What to work on — Your task is to repeat the entries below exactly and to leave their images out.

Input data START

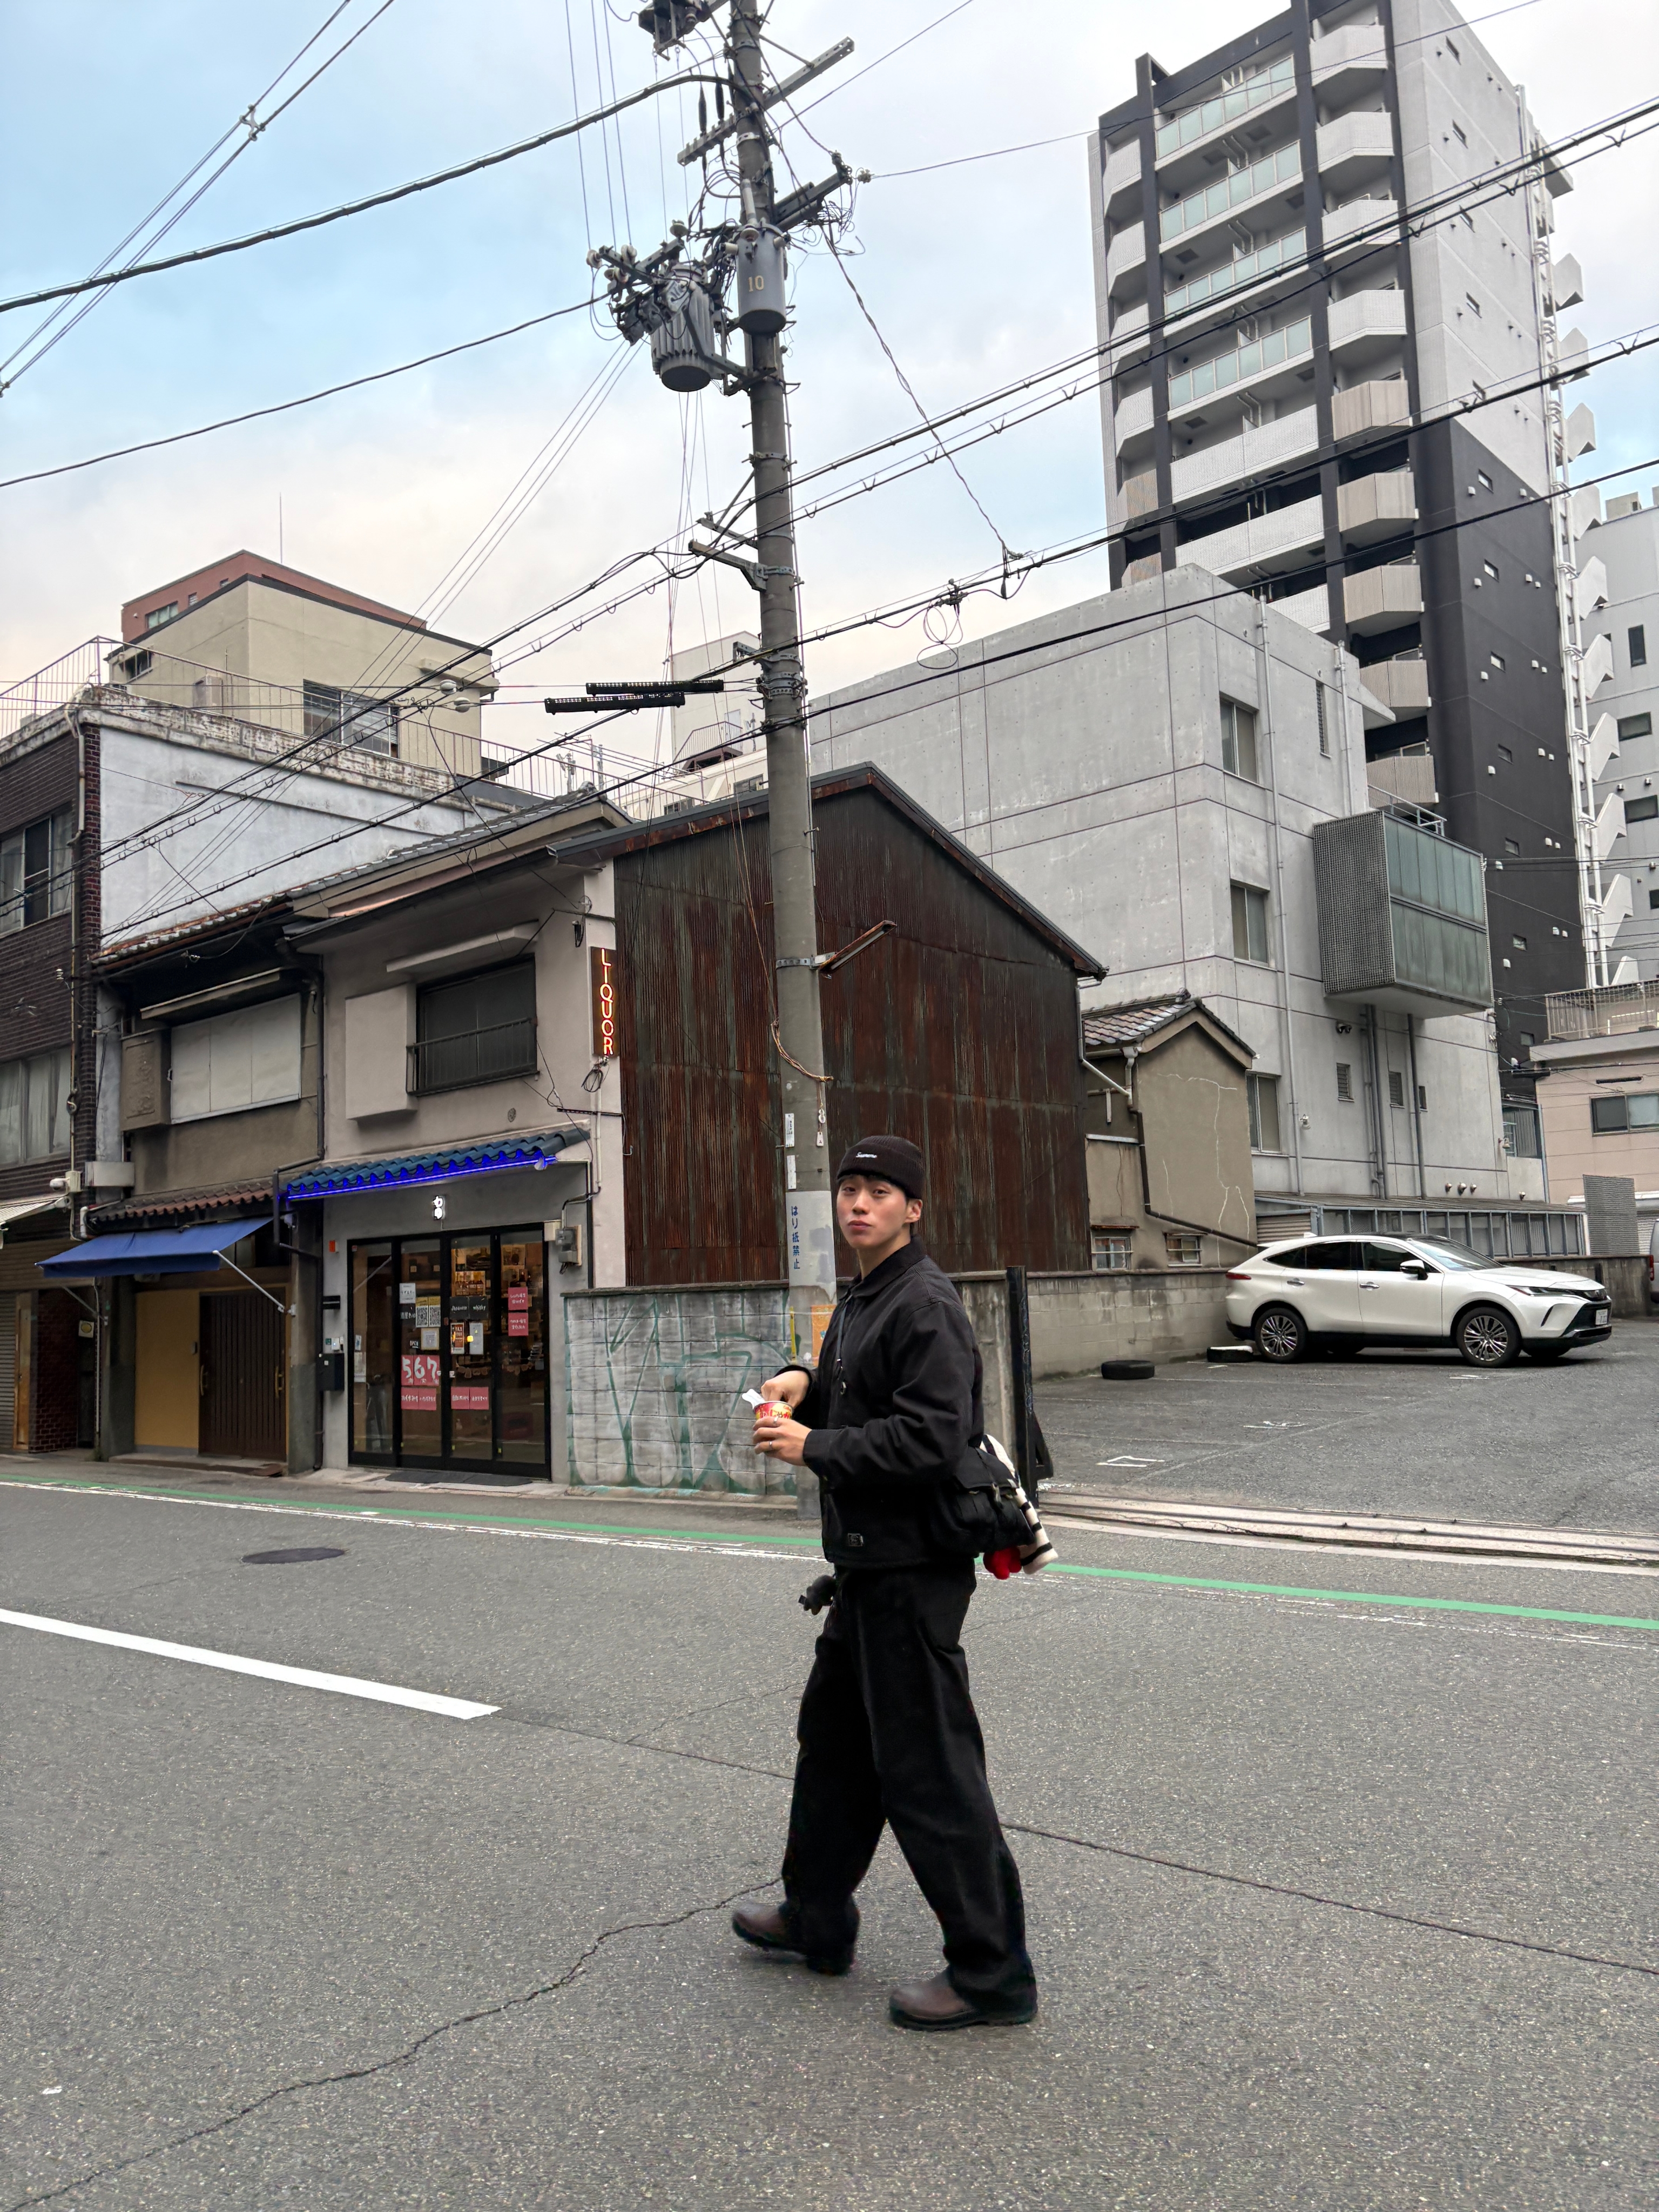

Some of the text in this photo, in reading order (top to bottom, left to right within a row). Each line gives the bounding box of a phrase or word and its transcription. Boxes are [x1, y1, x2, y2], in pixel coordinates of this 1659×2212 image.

[748, 275, 764, 292] 10
[600, 948, 614, 1055] LIQUOR
[791, 1205, 800, 1269] はり紙禁止
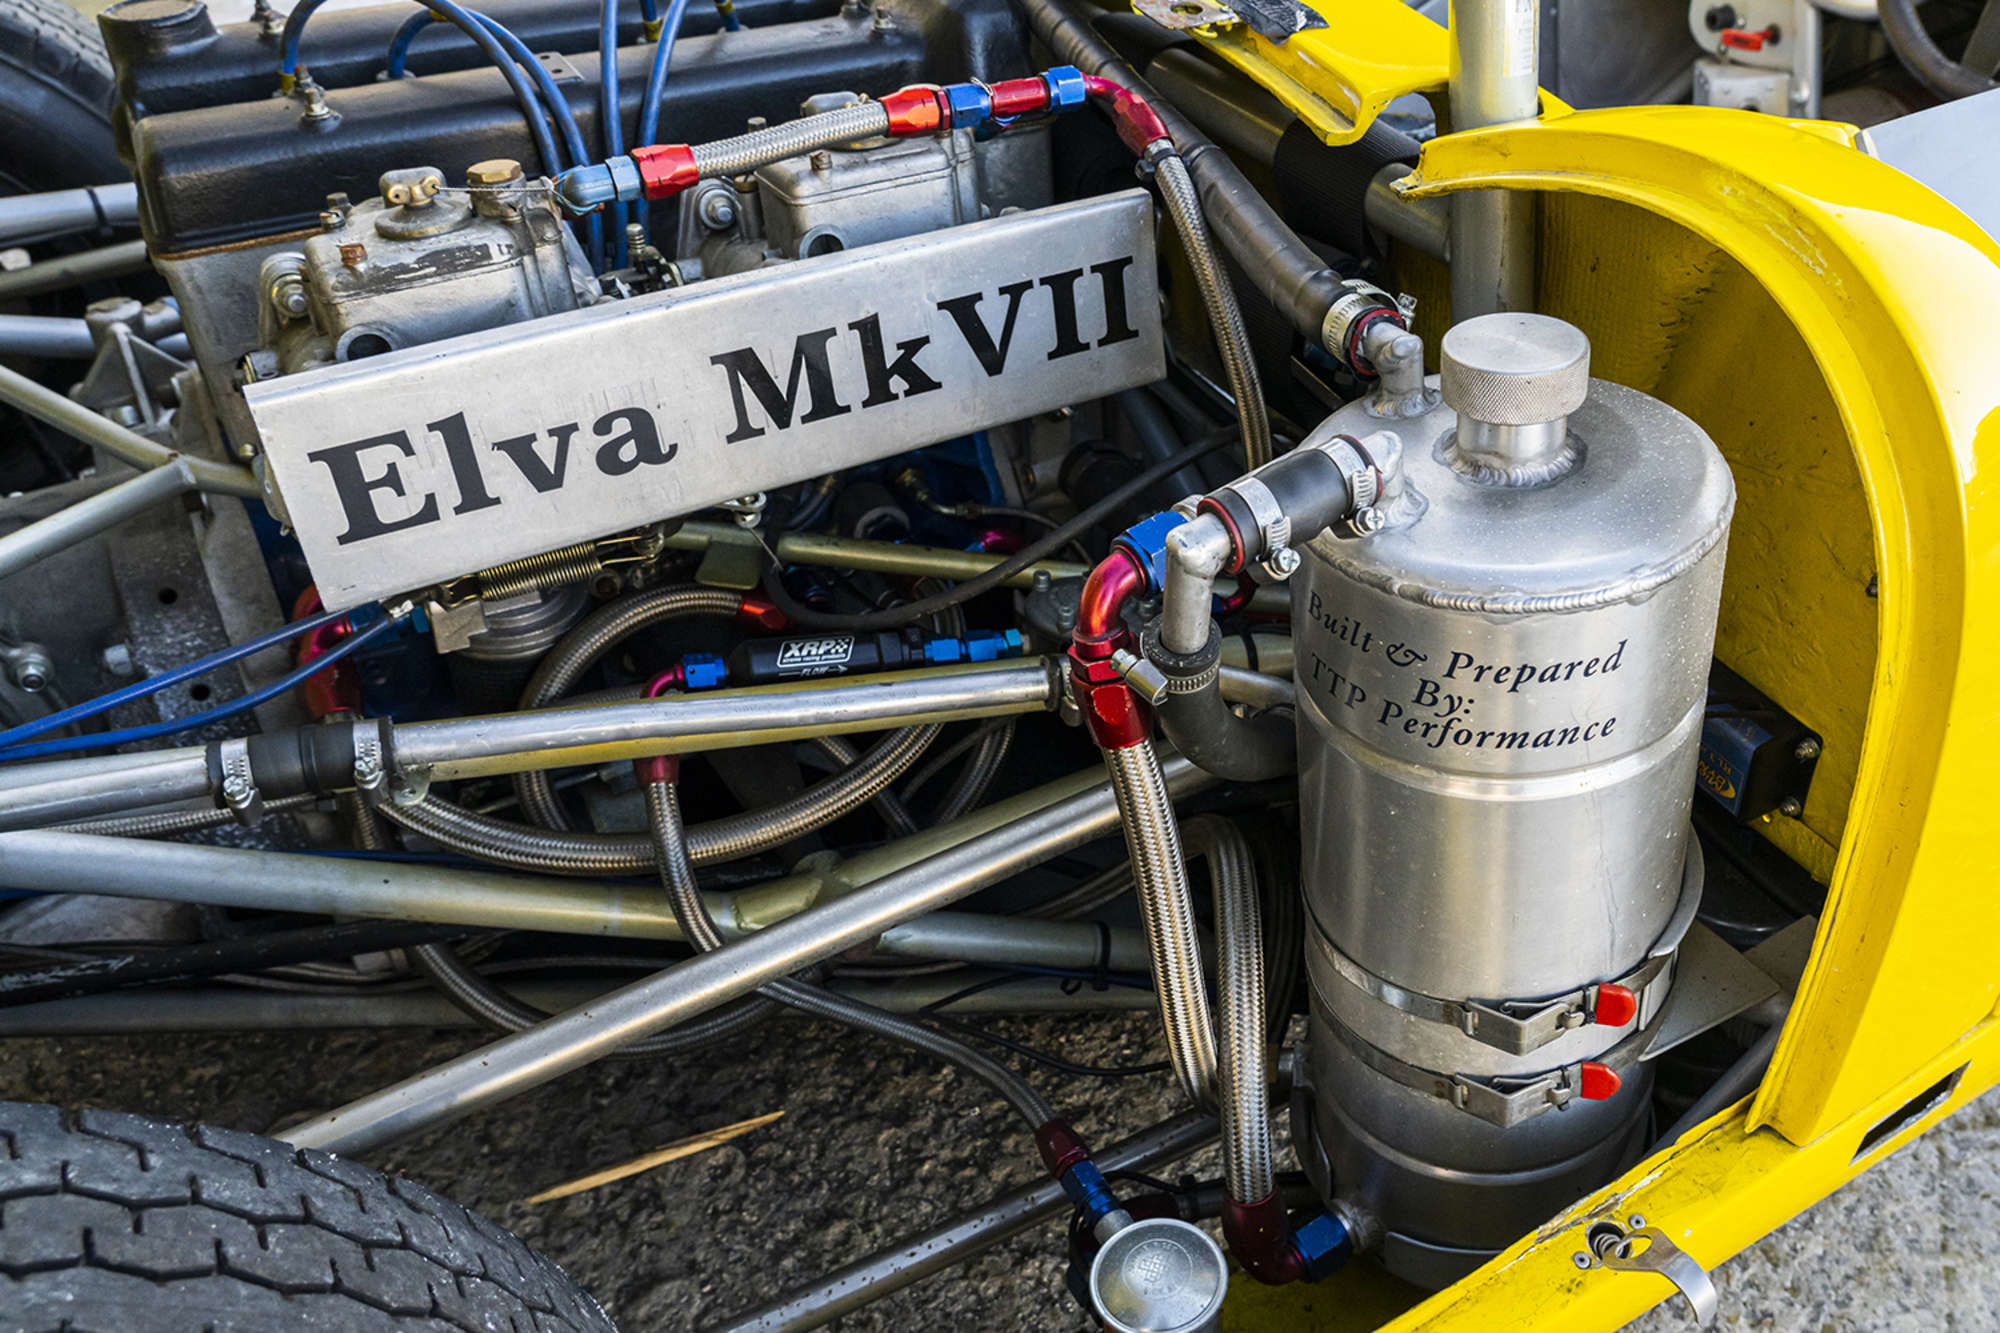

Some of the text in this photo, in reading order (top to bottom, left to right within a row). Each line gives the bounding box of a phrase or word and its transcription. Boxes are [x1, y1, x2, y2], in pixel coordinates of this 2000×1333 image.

[308, 408, 678, 546] Elva
[783, 639, 836, 658] XRP
[1307, 590, 1628, 693] Built & Prepared
[1311, 653, 1617, 749] TTP Performance
[1411, 677, 1475, 718] By:

Input data END

Response below —
Some of the text in this photo, in reading order (top to bottom, left to right within a row). Each line gives the bounding box of a phrase or word and its transcription. Boxes are [x1, y1, x2, y2], in pixel coordinates of this 1659×2212 image.

[748, 275, 764, 292] 10
[600, 948, 614, 1055] LIQUOR
[791, 1205, 800, 1269] はり紙禁止

Some of the text in this photo, in reading order (top to bottom, left to right within a row). Each line gives the bounding box of a phrase or word and its transcription. Boxes are [x1, y1, x2, y2], in pixel coordinates of this 2000×1333 image.

[308, 408, 678, 546] Elva
[783, 639, 836, 658] XRP
[1307, 590, 1628, 693] Built & Prepared
[1311, 653, 1617, 749] TTP Performance
[1411, 677, 1475, 718] By:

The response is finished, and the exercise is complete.